I'm tempted to chalk this up simply to their age--if my students turned 18 this year, they were born in 1993 (!!!). However, it seems like my peer group in school had a much broader sense of the past than this group. What they do seem to know--movies like Star Wars, Pulp Fiction, and Rocky, for example--are among the most frequent subjects of pastiche/parody in the culture (although a straight pastiche of any of those films would seem pretty dated at this point). Is that what makes them known for my students, I wonder? There is no embarrassment in discovering bits of culture this way--long before I'd ever seen Citizen Kane, I'd picked up the basics from the numerous parodies, homages, and appropriations of that film that showed up in the first few seasons of The Simpsons.

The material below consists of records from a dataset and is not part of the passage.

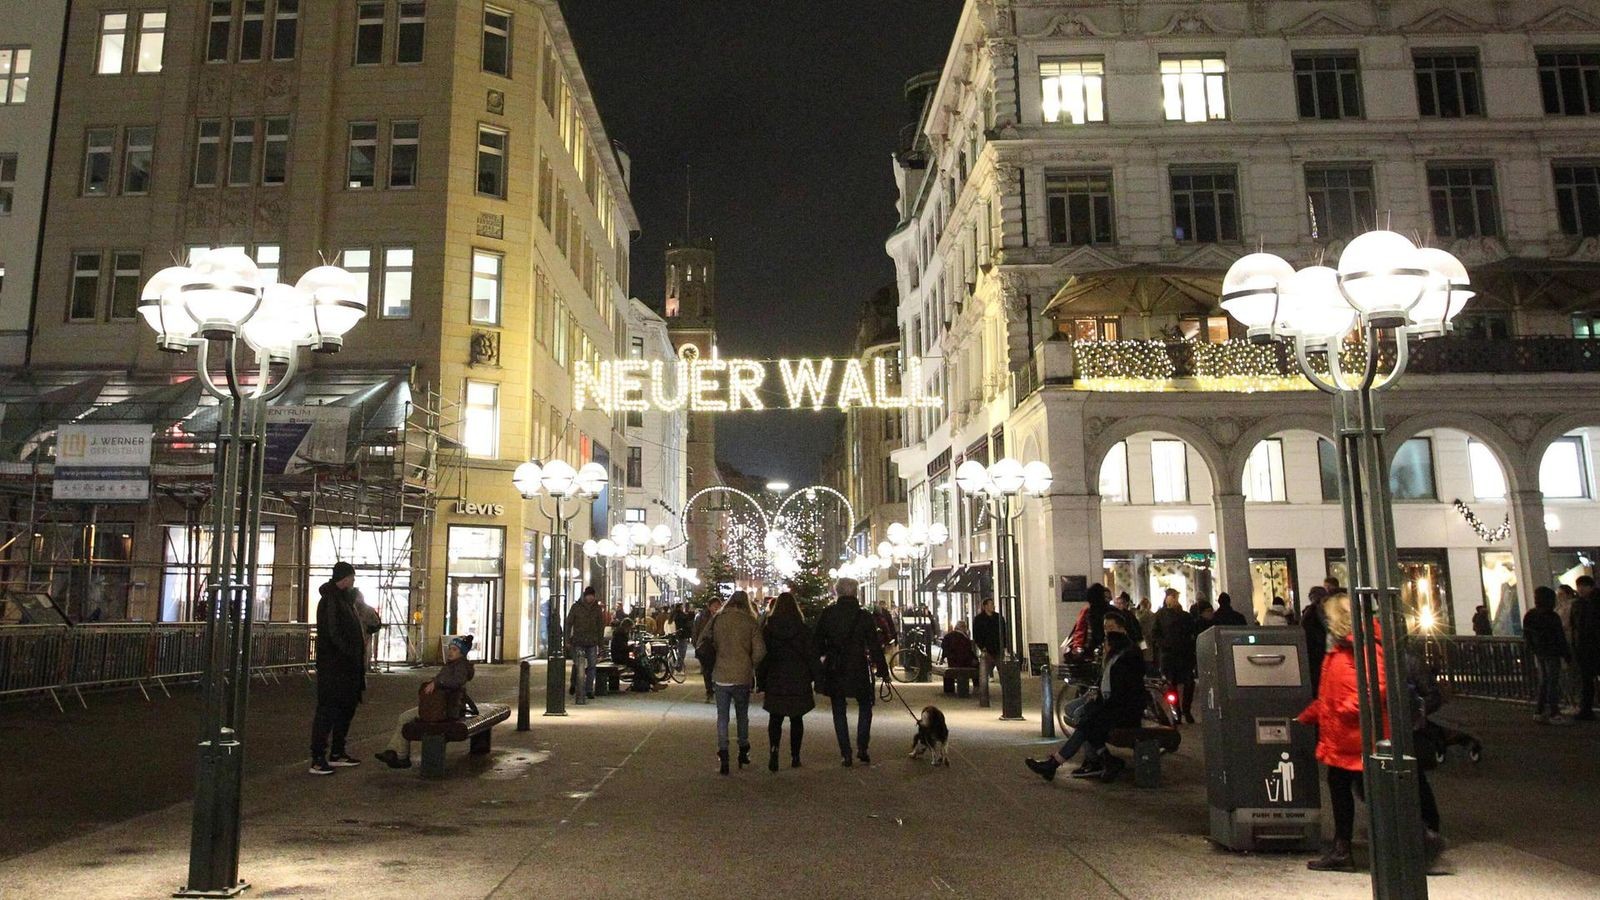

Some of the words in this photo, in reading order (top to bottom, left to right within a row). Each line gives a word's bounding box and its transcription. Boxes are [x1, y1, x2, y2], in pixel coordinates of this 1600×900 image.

[574, 359, 765, 411] NEUER
[778, 357, 944, 411] WALL
[101, 436, 145, 446] WERNER
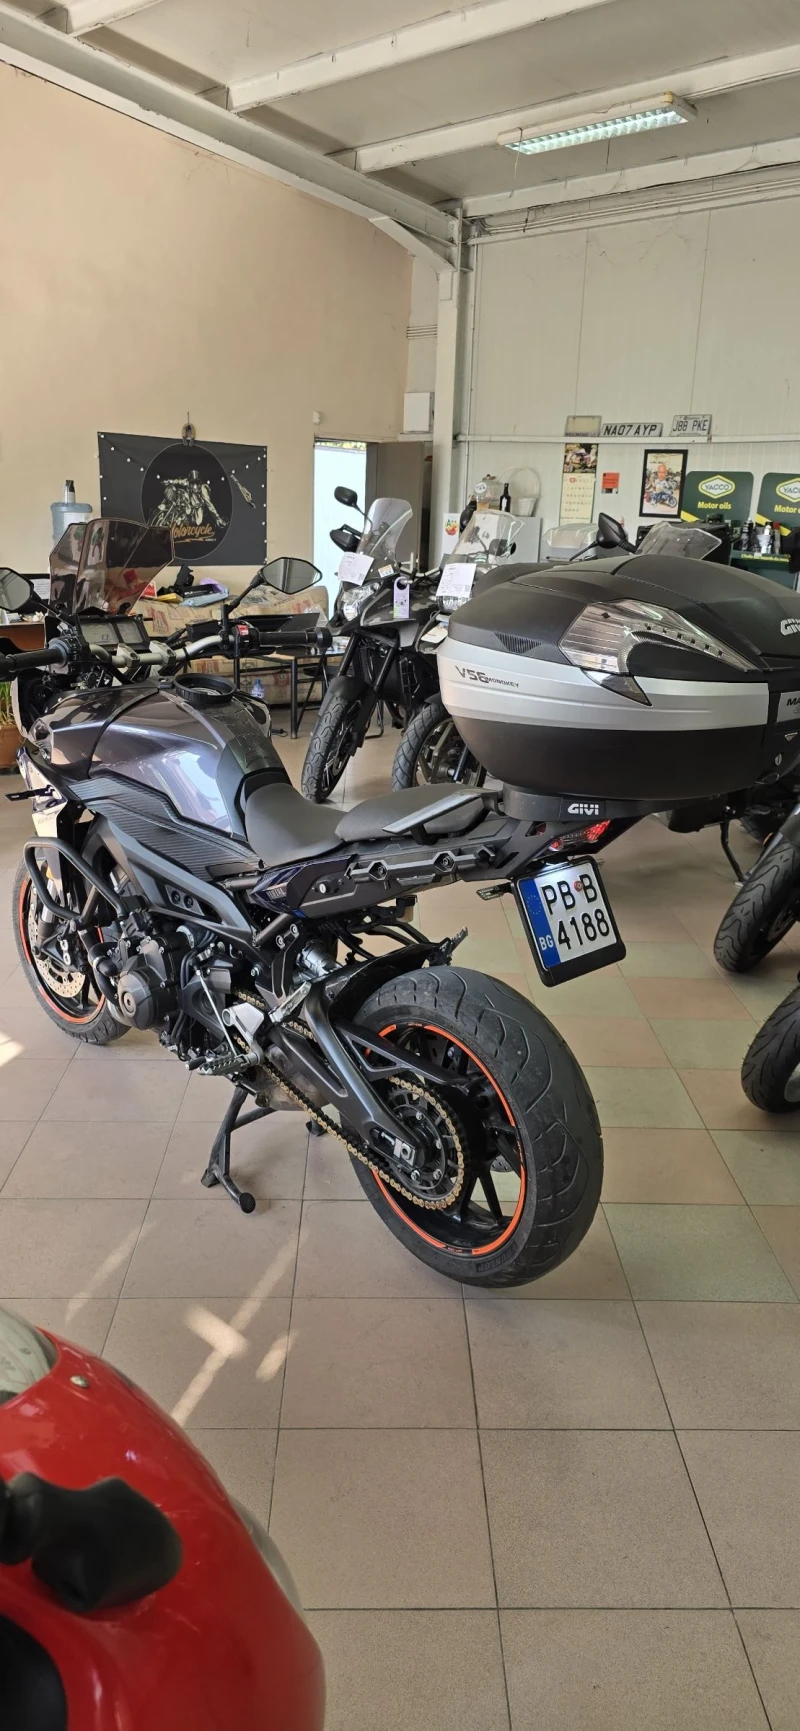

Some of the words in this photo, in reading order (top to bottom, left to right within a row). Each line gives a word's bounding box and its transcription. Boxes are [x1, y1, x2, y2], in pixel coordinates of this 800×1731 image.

[603, 424, 633, 436] NA07
[634, 424, 657, 436] AYP
[672, 420, 689, 432] J88
[692, 419, 708, 432] PKE
[697, 501, 719, 509] Motor
[719, 502, 732, 510] oils
[774, 504, 798, 513] Motor
[454, 665, 490, 684] V56
[567, 803, 599, 815] GIVI
[540, 880, 576, 915] PB
[579, 873, 598, 904] B
[557, 908, 610, 950] 4188
[538, 936, 554, 951] BG

What strikes me as really odd, though, is the hard cut off somewhere in the 1980s for pop culture references that students make and/or appreciate in my experience (even the 1980s are pushing it--the number of students who have never seen Jurassic Park [1993] is mindblowing). Generally, my students seem to react to bits of culture that come from before the 1980s as being separate somehow, belonging to a group of cultural objects they neither consume nor judge, that have no impact on them at all, really (actually, anything from before their birth seems to flummox them--they are baffled by clips from early seasons of The Simpsons, in my experience). I'm not certain, but I'd bet that most of my students reject the idea of the greatest movie of all time coming from any period other than their own lifetime (some of their suggestions: Titanic [1997], Remember the Titans [2000], and Avatar [2009]). I wonder if it's just the result of living through a much more baby boomer saturated culture and a wave of 1970s revivalism that gives me that sense, though.

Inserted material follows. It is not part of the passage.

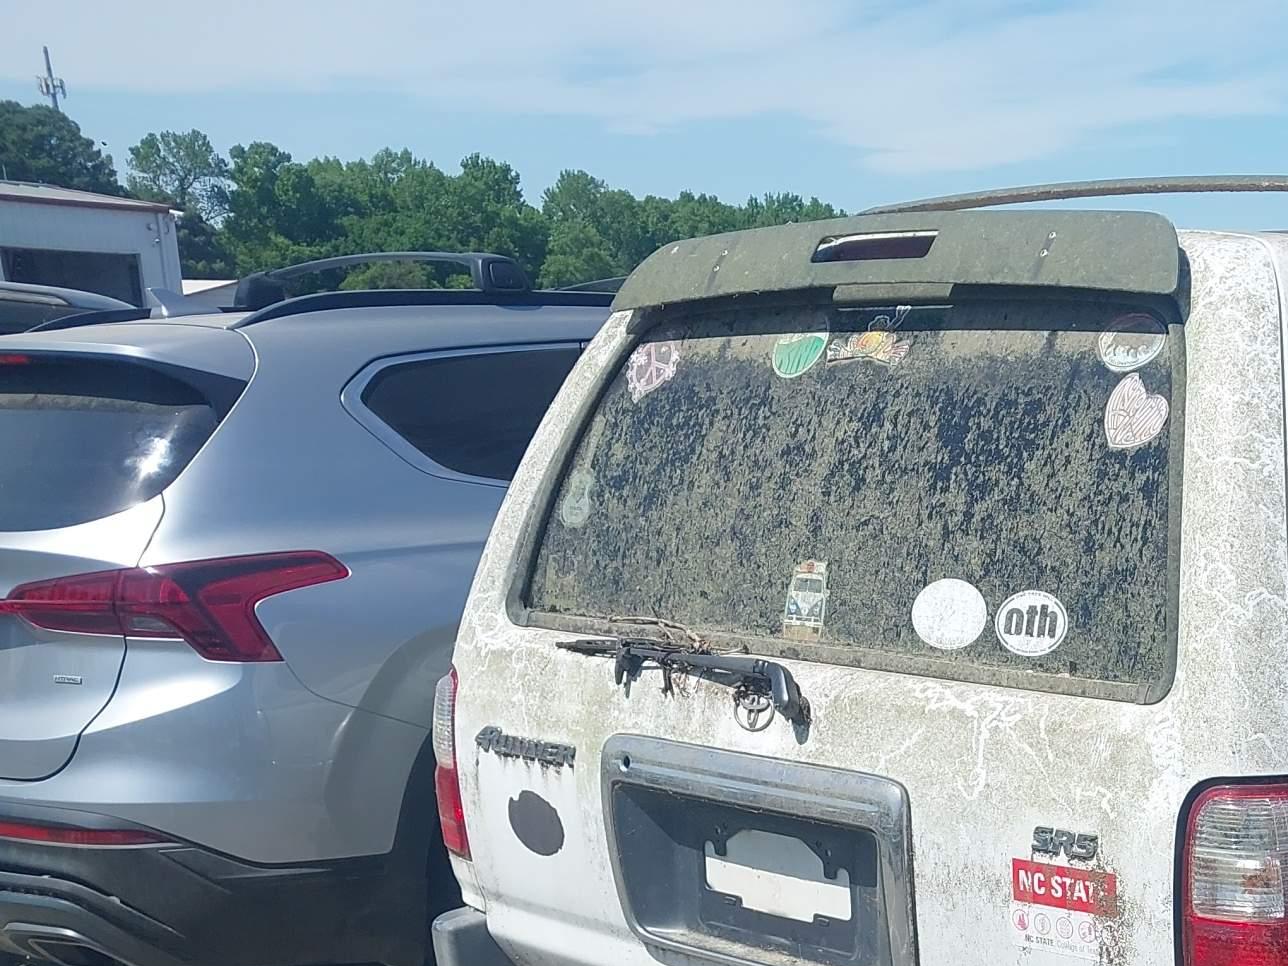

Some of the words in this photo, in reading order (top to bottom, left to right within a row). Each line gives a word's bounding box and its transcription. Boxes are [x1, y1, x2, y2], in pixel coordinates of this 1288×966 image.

[1031, 826, 1098, 861] SR5
[1018, 869, 1046, 895] NC
[1050, 875, 1108, 904] STAT

Is this some kind of response to postmodernism? Are my students--who have no knowledge of anything other than a postmodern culture (I'm not sure that I do, to be honest. I was born during high postmodernism and grew up with irony as the only appropriate response to any event)--unable to process cultural materials that are not themselves clearly postmodern? Do they require cultural materials that are not obviously postmodern to be (re)presented in pastiche in order to acknowledge them and to pass judgement on them?

These questions are probably just the result of extrapolating wildly from a very tiny dataset, but it would make sense in some ways. The endless return to the 1980s (and even the Back to the Future answer feels very "now" more than a recognition of the quality of a cultural object from the past--the kind of retro-future chic of that movie is a prominent [if not dominant] cultural discourse these days) doesn't appear to be slowing down even as the 1990s revivals ramp up to full speed. The time between emergence and revival of cultural materials is shrinking. Already my students seem to regard the time before widespread internet access (and high speed internet access, at that) as something of a fairy tale. How soon before they start to ignore it entirely?

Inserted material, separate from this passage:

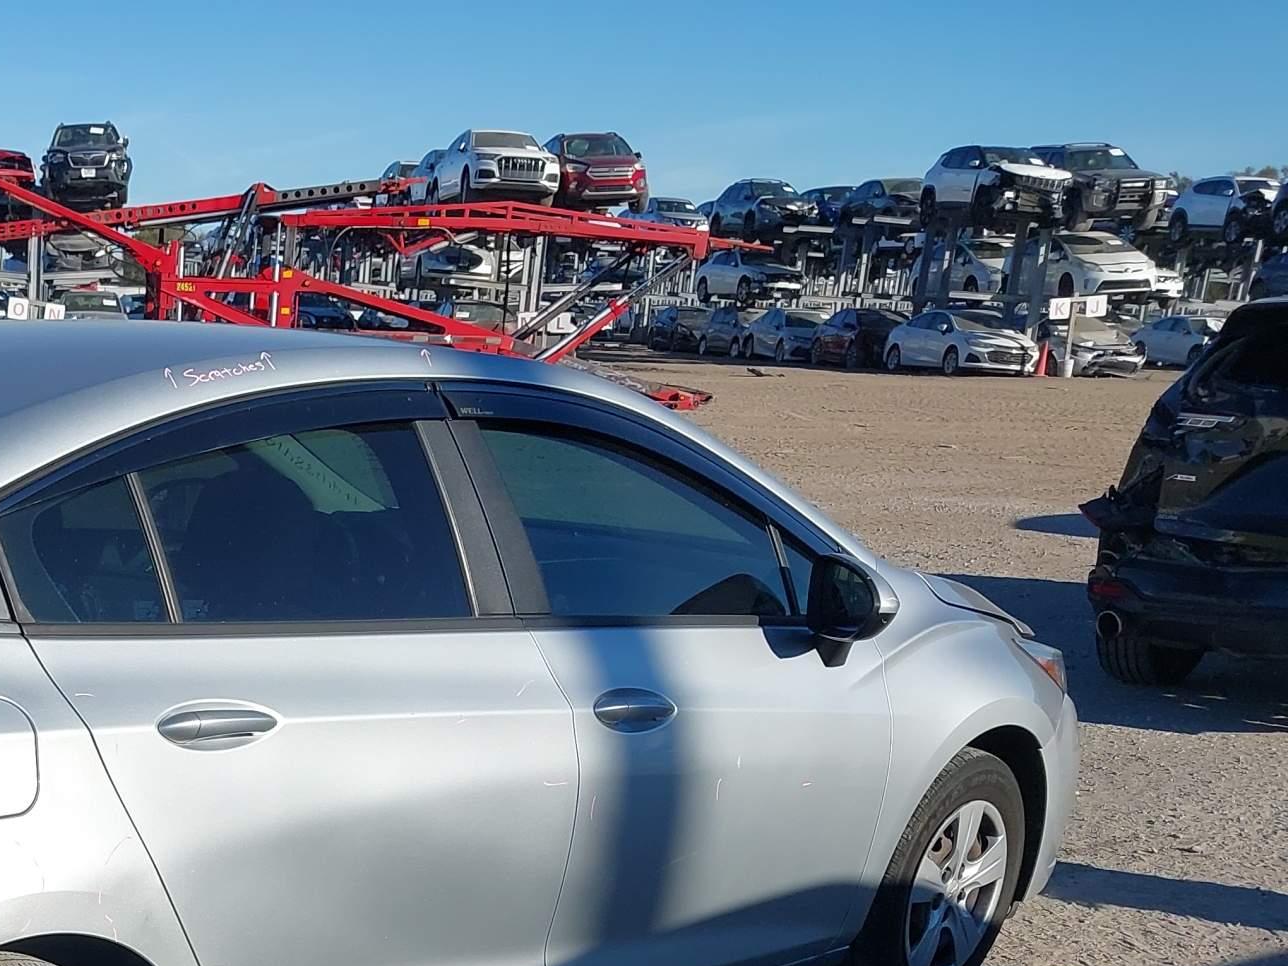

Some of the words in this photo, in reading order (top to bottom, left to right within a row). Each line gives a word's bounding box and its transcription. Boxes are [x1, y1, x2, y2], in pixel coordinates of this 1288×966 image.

[1054, 302, 1065, 316] K
[556, 317, 565, 330] L
[183, 361, 265, 387] Scratches

This is not a plea for cultural conservatism or the preservation of the past or anything like that. I'm just curious about how my students actually perceive and experience the cultural landscape. If anything, I would be interested in my students focusing even more on the future and even less on the past--ideally, it would be the yet-to-come that grabs and fires their imagination. Maybe in such a situation, the past will become more available and the immediate past will become more forgettable. A new futuremania (futurama?) to cure retromania, and a futuremania free of irony, kitsch, and ultimately retro underpinnings. My students have a chance to write about just this topic for their next essay, so I will be anxiously awaiting their responses.